Meno morti ma più incidenti in Italia nel 2016, il report Dekra

Meno morti ma più incidenti. Un dato curioso quello fornitoci dal rapporto di Dekra. Tra le principali cause gli smartphone

9 ottobre 2017 - 15:29

Come di consueto a fine anno, arrivano i dati di Dekra forniti dal suo rapporto sulla sicurezza stradale. Un 2016 in chiaro scuro per l'Italia, infatti se da una parte diminuisce la mortalità, dall'altra aumenta il numero di incidenti in Italia. Crescono gli incidenti per scooteristi e ciclisti, mentre, tra le principali cause insieme alla velocità non adeguata e altri fattori, abbiamo gli smartphone, sempre più sotto la lente d'ingrandimento quando si parla di sicurezza stradale.

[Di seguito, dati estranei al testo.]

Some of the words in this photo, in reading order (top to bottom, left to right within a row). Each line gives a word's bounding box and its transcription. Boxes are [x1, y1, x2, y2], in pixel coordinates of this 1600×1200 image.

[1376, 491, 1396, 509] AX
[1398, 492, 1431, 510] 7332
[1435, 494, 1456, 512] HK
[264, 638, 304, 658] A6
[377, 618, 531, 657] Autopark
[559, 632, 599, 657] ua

DOPPIA LETTURA PER L'ITALIA Il 2017 si chiude con il rapporto sulla sicurezza stradale di Dekra, che ci ha fornito un quadro sulla situazione europea, e più nello specifico quella italiana, in merito al numero di incidenti, mortali e non, registrati nel nostro Paese – disponibile in allegato a questa pagina. Cifre che possono essere interpretate con una doppia chiave di lettura, infatti da una parte abbiamo il numero di decessi su strada che scende del 4,2 %, ma dall'altro abbiamo un aumento del numero di incidenti dello 0,7 %. Cambiano anche le principali vittime, infatti se nell'ultimo report fornitoci da Dekra, avevamo una buona presenza di motociclisti e pedoni, nel 2016 abbiamo avuto un -15% di incidenti che hanno coinvolto motociclisti e -5,3% per quanto riguarda i pedoni, ai quali fa da contraltare un 10,5% di coinvolgimento per gli scooteristi e +9,6% per i ciclisti.

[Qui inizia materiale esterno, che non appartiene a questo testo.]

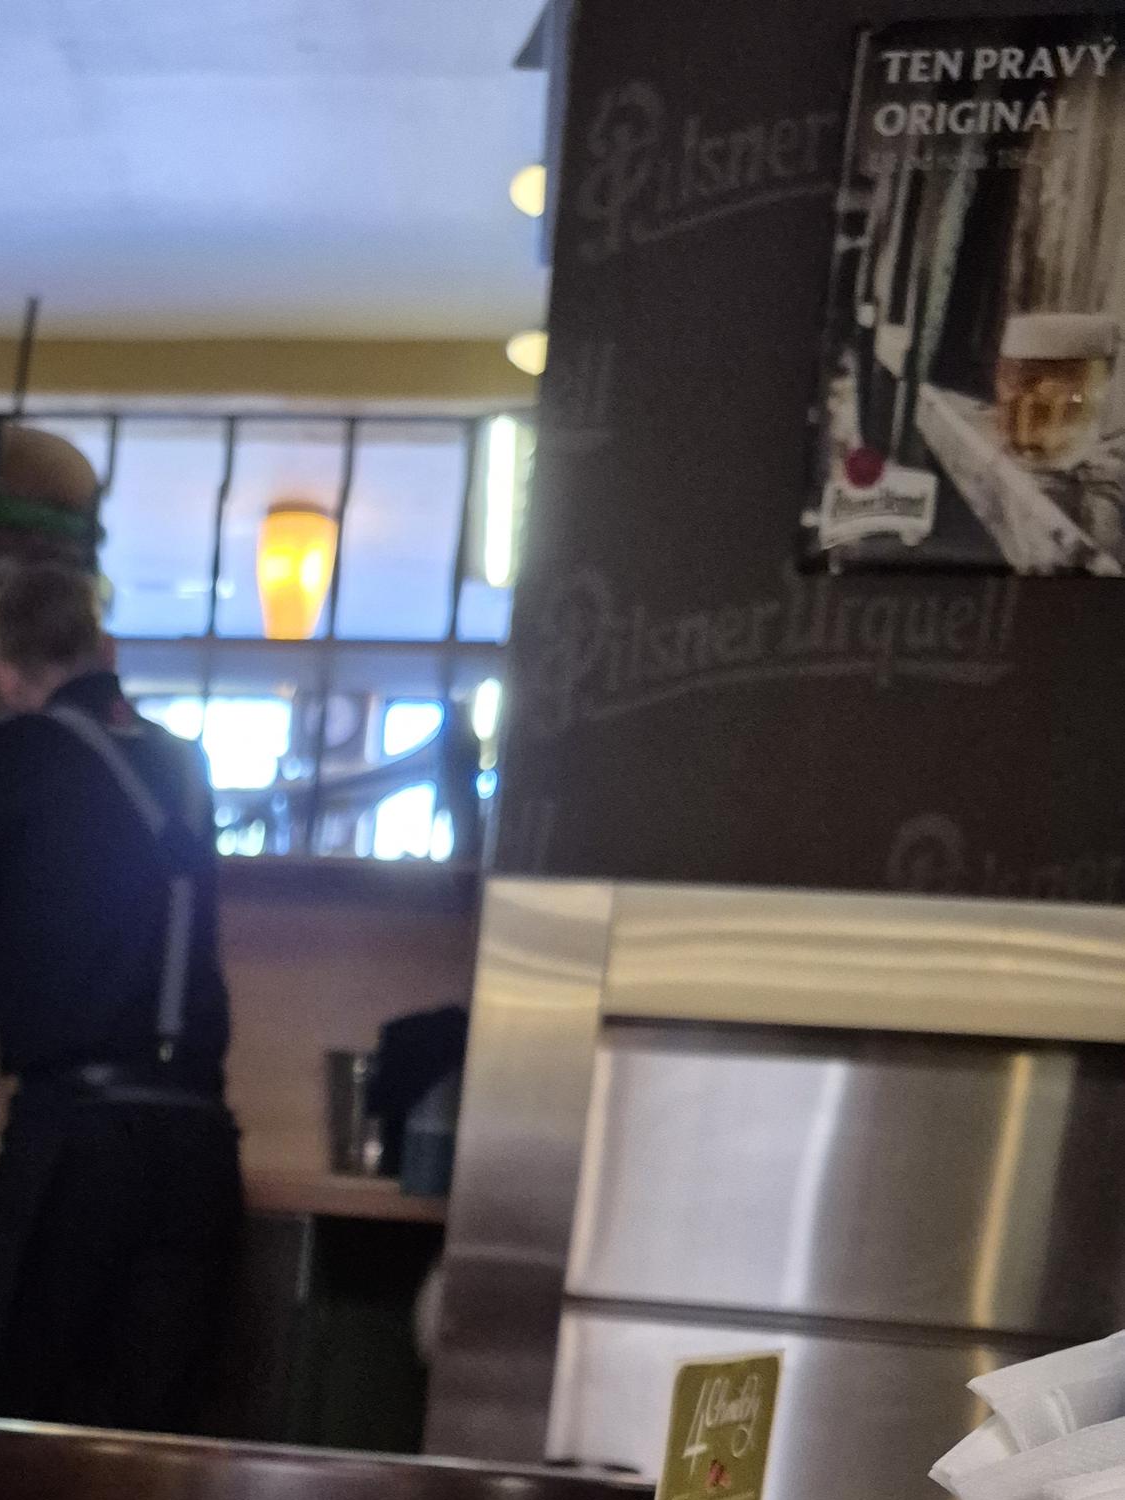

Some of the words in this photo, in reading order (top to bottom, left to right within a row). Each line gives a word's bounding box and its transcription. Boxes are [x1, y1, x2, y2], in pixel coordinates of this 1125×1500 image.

[873, 91, 1077, 138] ORIGINÁL
[879, 48, 965, 85] TEN
[972, 36, 1117, 81] PRAVÝ
[576, 79, 838, 265] Pilsner
[533, 563, 780, 738] Pilsner
[773, 559, 1018, 690] Urquell

SMARTPHONE TRA LE CAUSE PRINCIPALI Tante le cause analizzate da Dekra alla base degli incidenti nel 2016, tra questi il 90% dei casi è determinato da comportamenti errati del conducente – secondo la AAA in parte è anche colpa dei moderni sistemi di infotainment sempre più distrattivi, come vi abbiamo raccontato in questo nostro focus. Di questo 90% ben l'80% è rappresentato da l'uso dello smartphone al volante, una vera e propria piaga che si sta espandendo negli ultimi anni. Colpa dei dispositivi? Non necessariamente, visto che questi non sono certo stati sviluppati per essere utilizzati al volante, ma saranno certamente necessarie delle misure che vadano a limitarne l'utilizzo – novità che proprio Apple porterà sul suo prossimo “melafonino” – partendo da campagne di sensibilizzazione per un uso corretto dei telefoni in auto.  

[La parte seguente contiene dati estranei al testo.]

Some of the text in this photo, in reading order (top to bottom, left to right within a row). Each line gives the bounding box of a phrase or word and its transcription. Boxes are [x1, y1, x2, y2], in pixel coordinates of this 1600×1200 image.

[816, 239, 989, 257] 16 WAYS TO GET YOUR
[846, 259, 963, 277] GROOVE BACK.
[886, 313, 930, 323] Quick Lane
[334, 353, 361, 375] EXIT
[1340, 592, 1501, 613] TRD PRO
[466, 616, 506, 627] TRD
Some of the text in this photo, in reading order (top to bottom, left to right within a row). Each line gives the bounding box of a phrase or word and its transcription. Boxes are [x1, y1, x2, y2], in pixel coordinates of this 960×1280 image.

OBIETTIVO -15.000 ENTRO IL 2020 Guardando a l'Europa, ottimi risultati per Norvegia Svezia e Regno Unito, risultati meno positivi se si guarda all'intero Vecchio Continente, dove si è si registrato un complessivo -2%, che si traduce in circa 25.670 vittime sulla strada, ma bisogna anche confrontarlo con gli anni precedenti. Infatti, se andiamo a contestualizzare il -2% rispetto al 2015, scopriamo che quello è stato uno degli anni peggiori, smorzando quindi in parte gli entusiasmi per un risultato tuttavia positivo. L'Italia si piazza a metà classifica, mentre ultima è la Bulgaria. Dal 1992, nel quale si registrarono circa 80.000 vittime, il numero di morti sulla strada è diminuito in modo continuo e costante tanto da puntare a diminuire questo valore a meno di 15.000 entro il 2020.